細胞分裂起こす収縮環の謎の一端を解明

細胞から単離・精製したタンパク質を混ぜ合わせて、細胞を模した微小なカプセルに封入し、収縮環のようなリング構造を再構築することに、早稲田大学理工学術院の宮崎牧人次席研究員と石渡信一教授らが初めて成功した。

生物は細胞分裂で成長、増殖する。その細胞分裂で重要な役割を果たす収縮環の研究で大きな成果がもたらされた。細胞から単離・精製したタンパク質を混ぜ合わせて、細胞を模した微小なカプセルに封入し、収縮環のようなリング構造を再構築することに、早稲田大学理工学術院の宮崎牧人(みやざき まきと)次席研究員と石渡信一(いしわた しんいち)教授らが初めて成功した。この研究で細胞分裂を担う収縮環の自己組織化と、収縮に必要な最小限の構成要素、物理的条件を突き止めた。細胞分裂の仕組みを解く新しい手法になりそうだ。3月23日付の英科学誌Nature Cell Biologyオンライン版に発表した。

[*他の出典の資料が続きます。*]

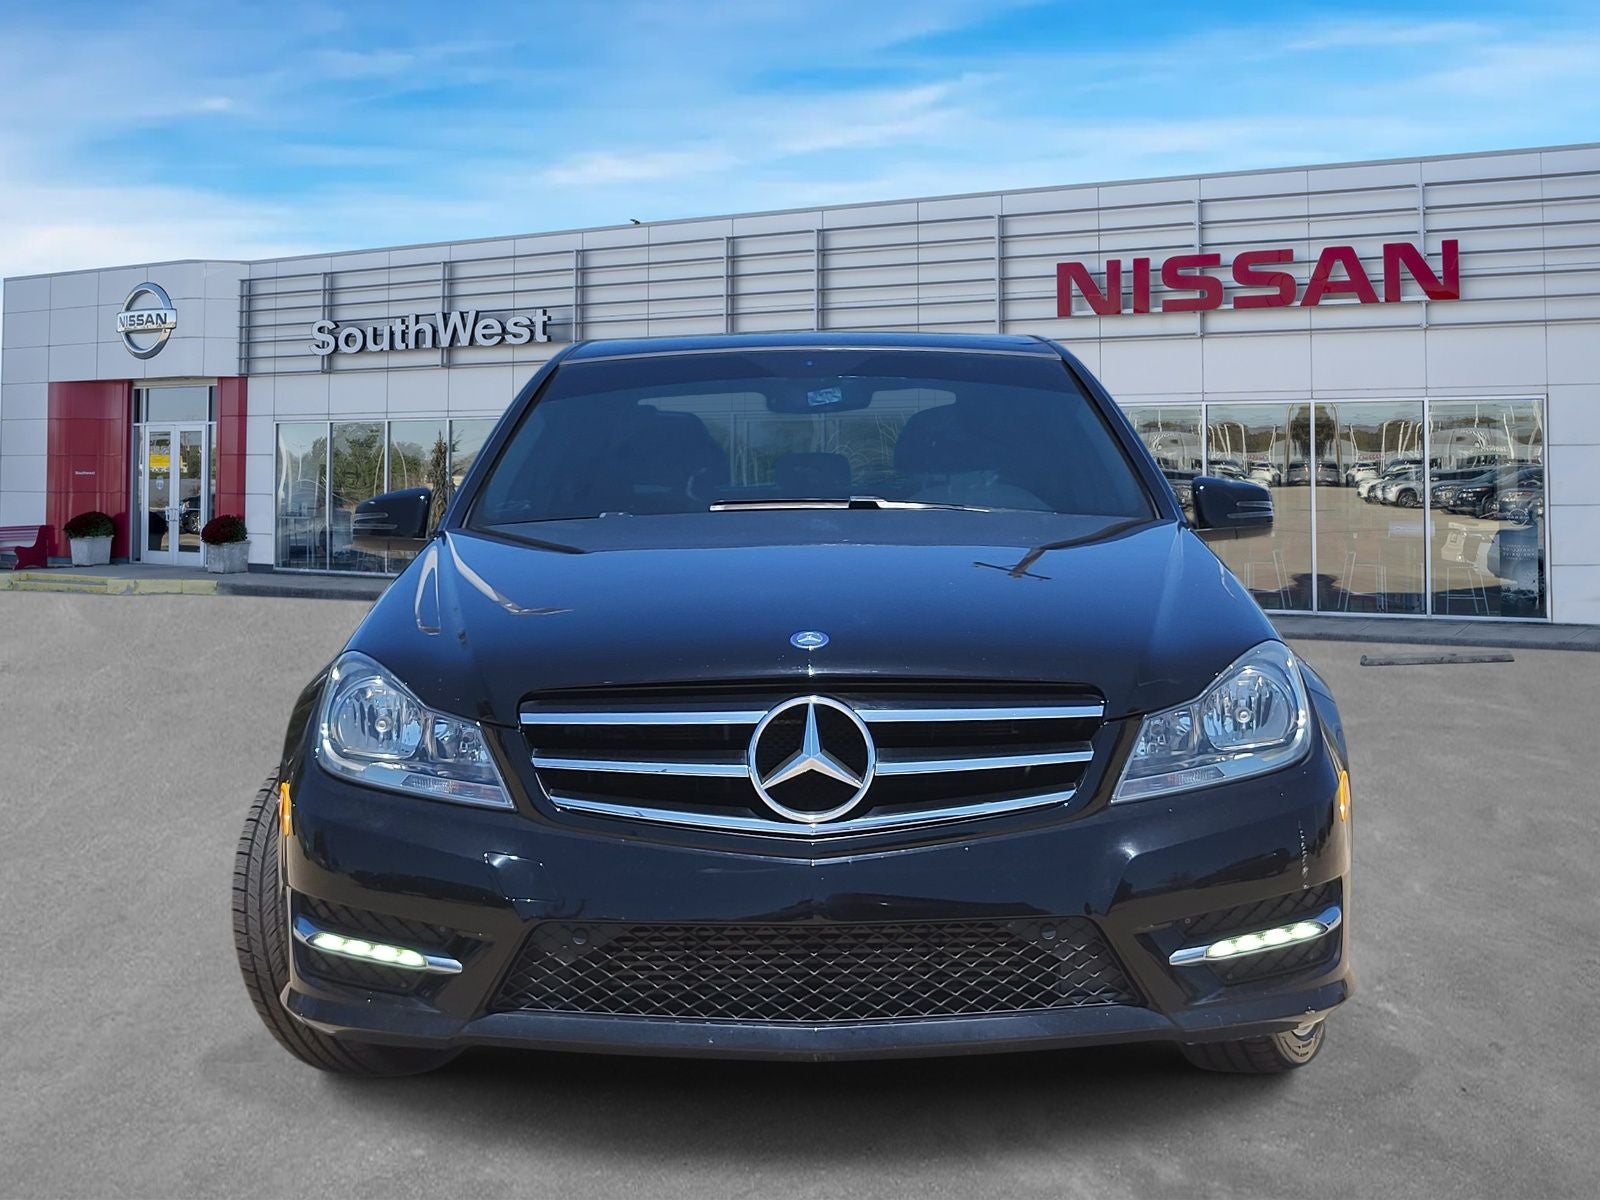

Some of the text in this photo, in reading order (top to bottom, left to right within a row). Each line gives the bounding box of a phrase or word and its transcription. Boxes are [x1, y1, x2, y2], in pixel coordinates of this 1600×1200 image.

[1056, 239, 1461, 318] NISSAN
[119, 312, 167, 328] NISSAN
[309, 308, 551, 356] SouthWest

ヒトを含む動物細胞は、分裂期になると、細胞膜の内壁に収縮環と呼ばれるリング状のバンドル構造が形成される。このリングがぐっと収縮し、細胞膜をきんちゃくのようにくびり切って細胞が分裂する。これまでの分子細胞生物学的な研究で、収縮環を構成するタンパク質や、収縮環の形成を制御するタンパク質が何十種類も徐々に明らかになってきた。しかし、収縮環が形成される肝心の仕組みは謎だった。

細胞分裂の前に現れる収縮環は主にアクチン繊維とミオシン分子モーターから構成されており、ミオシンがアクチン繊維間に張力を発生させてリングを縮ませ、細胞膜をくびり切る。どのタンパク質が収縮環の形成に欠かせないかという素過程を見るには、細胞は複雑すぎて解析が難しかった。研究グループは、収縮環形成に関与していると考えられているタンパク質を細胞から単離・精製した後、それらを再度混ぜ合わせて細胞を模した微小カプセル(油中液滴)に封入した。この人工細胞系の中で、収縮環に似たリング構造が再構築される条件を探った。斬新なボトムアップ的手法といえる。

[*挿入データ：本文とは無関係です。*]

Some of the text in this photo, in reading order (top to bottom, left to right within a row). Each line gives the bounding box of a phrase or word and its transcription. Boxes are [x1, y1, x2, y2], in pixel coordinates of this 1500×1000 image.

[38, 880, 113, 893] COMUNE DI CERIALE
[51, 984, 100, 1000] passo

その結果、収縮環の主な構成タンパク質のアクチンとミオシンに、アクチン繊維を束にする因子を加えた、たった3種類の構成要素だけでも、20μm(1μmは1000分の1mm)以下の細胞サイズのカプセル内では、収縮環のようなリング構造が自発的に形成されることを発見した。細胞の大きさは通常10~20μmで、リングの自己組織化は細胞サイズの微小空間でのみ生じる特徴的な現象だった。さらに、アクチン繊維上のミオシン密度が上昇すると、それがモーターとなって、リングが自発的に収縮することを見いだした。リングの収縮速度は直径に比例するという、収縮環の基本的性質を満たしていることも確認した。

このリングはほぼ100%の確率で小さな液滴の赤道面内に形成された。細胞サイズの微小閉鎖空間ではアクチン繊維は曲がりづらいため、屈曲率が最小になる赤道上にアクチン繊維が集積してリングが形成されたと考えられる。この結果は、細胞はアクチン繊維の剛性という物理的効果を利用して収縮環を形成させていることを示すだけなく、細胞の中央を認識して等分割する仕掛けに、アクチン繊維の剛性を利用していることも裏付けた。

石渡信一教授は「細胞質分裂を担う収縮環の自己組織化と、その収縮に必要な最小限の構成要素、物理的条件を明らかにした。次はリポソーム膜の袋でこの収縮環を実現して、分裂するところまで実証したい。ボトムアップ的手法によって、収縮環形成と制御に関与する数十種類のタンパク質の機能と、細胞分裂の仕組みの詳細がわかれば、将来は、がん細胞増殖の抑制や、正常細胞の分裂促進による各種疾患治療、再生医療などさまざまな医療分野にも貢献するだろう」と話している。